When I was a teenager (when I knew everything), I read in the paper that saccharine caused cancer in laboratory rats. I remember asking my mother, "How come they always replace something that's bad for you with something that kills you?"
I see it over and over. Butter? Mildly bad for you unless fresh. Margarine? Lethal. Lard? Not horribly bad when farm-fresh. Crisco? Lethal.
I saw this contradiction in non-culinary areas as well. In the 90s, all of a sudden Looney Tunes were "bad for you," said the disability rights advocates. After all, a show with a pig who stutters and a bald man with a speech impediment could not possibly send a healthy message. So what were the Looney Tunes replaced with on Saturdays? Pinky & the Brain, who every episode plotted to take over the world. Global dictatorship sends a healthier message than Tweety Bird?
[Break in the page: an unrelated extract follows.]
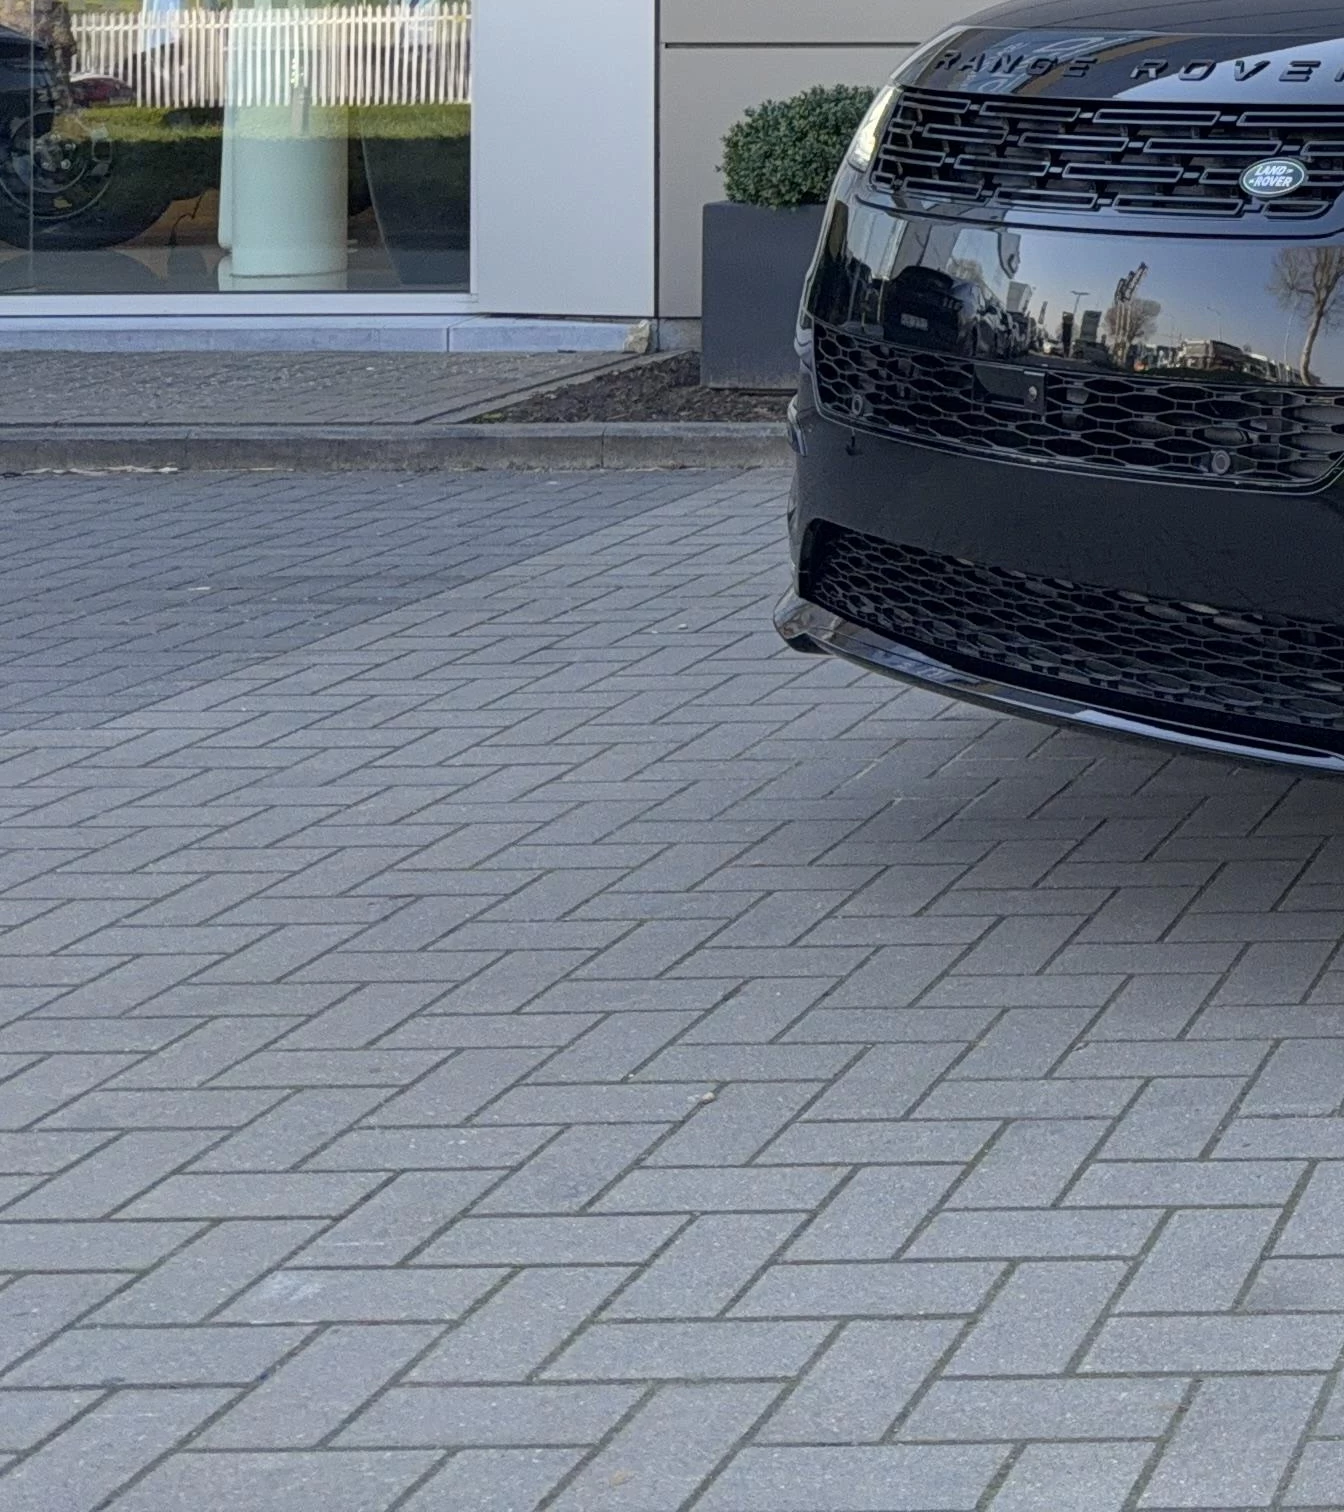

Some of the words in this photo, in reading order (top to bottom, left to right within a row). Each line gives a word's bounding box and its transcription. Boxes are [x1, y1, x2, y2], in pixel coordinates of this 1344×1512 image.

I thought of all of this yesterday when I purchased a container of surprisingly delicious "sugar-free cookies" at a local bakery. Most of these tasty treats contained chocolate. What else they contained, I shudder to ask. I'm guessing granulated cancer. In fact, that bakery has saved us quite a bit of money. Now, instead of buying mouse traps, my wife and I spread the cookies all around the house.
Isn't it the same with music?
Were the 19th-century Romantic interpretations of Bach really so much worse for us than the 20th-century Antiromantic ones? Were Casals's cello suites further from Bach than Herreweghe's cantatas? Both men reaked of their era. But Casals reaked also of a profound musician. Casals's Bach was real, just like butter is real. Schweitzer's Bach was real; he was willing to let poetic feeling into his playing. Is Bach not poetic, even the Art of Fugue (especially the Art of Fugue)?
Think of how many historic buildings were razed in the 1950s and '60s, replaced with unmitigated ugliness that the architects professed was "better." An interesting comparison can be made in Boston between Old City Hall and New City Hall. The façade of the former is still extant. The reason it's extant is that it was so beautiful that even the barbarians of the 1960s didn't have the nerve to tear it down. So to this day, you can walk down School St., look at Old City Hall, then walk on Tremont one block to Government Center and gaze upon the visual cacophony which is New City Hall. That's why pharmacies in Boston sell very little ipecac. All we Bostonians need to do is to look at those two buildings in quick succession, and our system is instantly cleansed.
There you have it. Sugar vs. saccharine. Clapboard vs. aluminum siding. Oak chairs vs. plastic chairs. Real vs. fake. Beautiful vs. ugly. But please let's admit that that's what it is. Let's not try to say that ugly is "better for us" that beautiful.